Type out the records again, exactly as they are.

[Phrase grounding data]
··········
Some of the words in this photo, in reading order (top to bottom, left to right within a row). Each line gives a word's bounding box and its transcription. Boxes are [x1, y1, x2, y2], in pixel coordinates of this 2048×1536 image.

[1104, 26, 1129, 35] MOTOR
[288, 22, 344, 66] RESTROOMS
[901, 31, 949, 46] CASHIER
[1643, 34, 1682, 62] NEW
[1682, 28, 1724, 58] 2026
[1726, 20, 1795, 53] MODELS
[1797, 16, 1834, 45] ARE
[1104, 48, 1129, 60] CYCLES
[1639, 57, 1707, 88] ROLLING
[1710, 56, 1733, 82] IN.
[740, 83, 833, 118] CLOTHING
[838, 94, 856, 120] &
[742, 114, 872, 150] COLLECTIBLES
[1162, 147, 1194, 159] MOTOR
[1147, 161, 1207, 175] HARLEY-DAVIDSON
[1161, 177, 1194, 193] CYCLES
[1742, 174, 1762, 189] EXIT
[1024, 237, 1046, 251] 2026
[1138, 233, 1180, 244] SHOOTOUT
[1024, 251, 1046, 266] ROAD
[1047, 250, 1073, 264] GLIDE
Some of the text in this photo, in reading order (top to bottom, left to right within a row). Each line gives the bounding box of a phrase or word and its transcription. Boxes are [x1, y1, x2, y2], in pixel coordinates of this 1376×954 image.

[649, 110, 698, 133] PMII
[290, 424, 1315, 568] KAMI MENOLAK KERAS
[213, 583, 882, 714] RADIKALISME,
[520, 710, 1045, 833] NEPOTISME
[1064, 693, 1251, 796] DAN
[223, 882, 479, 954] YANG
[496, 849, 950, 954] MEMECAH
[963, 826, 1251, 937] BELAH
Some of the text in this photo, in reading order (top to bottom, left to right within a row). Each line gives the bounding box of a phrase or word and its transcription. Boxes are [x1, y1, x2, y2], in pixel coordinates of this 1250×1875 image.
··········
◆ **EXERCISE SOLUTION**
Some of the words in this photo, in reading order (top to bottom, left to right within a row). Each line gives a word's bounding box and its transcription. Boxes are [x1, y1, x2, y2], in pixel coordinates of this 2048×1536 image.

[1104, 26, 1129, 35] MOTOR
[288, 22, 344, 66] RESTROOMS
[901, 31, 949, 46] CASHIER
[1643, 34, 1682, 62] NEW
[1682, 28, 1724, 58] 2026
[1726, 20, 1795, 53] MODELS
[1797, 16, 1834, 45] ARE
[1104, 48, 1129, 60] CYCLES
[1639, 57, 1707, 88] ROLLING
[1710, 56, 1733, 82] IN.
[740, 83, 833, 118] CLOTHING
[838, 94, 856, 120] &
[742, 114, 872, 150] COLLECTIBLES
[1162, 147, 1194, 159] MOTOR
[1147, 161, 1207, 175] HARLEY-DAVIDSON
[1161, 177, 1194, 193] CYCLES
[1742, 174, 1762, 189] EXIT
[1024, 237, 1046, 251] 2026
[1138, 233, 1180, 244] SHOOTOUT
[1024, 251, 1046, 266] ROAD
[1047, 250, 1073, 264] GLIDE
Some of the text in this photo, in reading order (top to bottom, left to right within a row). Each line gives the bounding box of a phrase or word and its transcription. Boxes are [x1, y1, x2, y2], in pixel coordinates of this 1376×954 image.

[649, 110, 698, 133] PMII
[290, 424, 1315, 568] KAMI MENOLAK KERAS
[213, 583, 882, 714] RADIKALISME,
[520, 710, 1045, 833] NEPOTISME
[1064, 693, 1251, 796] DAN
[223, 882, 479, 954] YANG
[496, 849, 950, 954] MEMECAH
[963, 826, 1251, 937] BELAH
Some of the text in this photo, in reading order (top to bottom, left to right within a row). Each line gives the bounding box of a phrase or word and its transcription. Boxes are [x1, y1, x2, y2], in pixel coordinates of this 1250×1875 image.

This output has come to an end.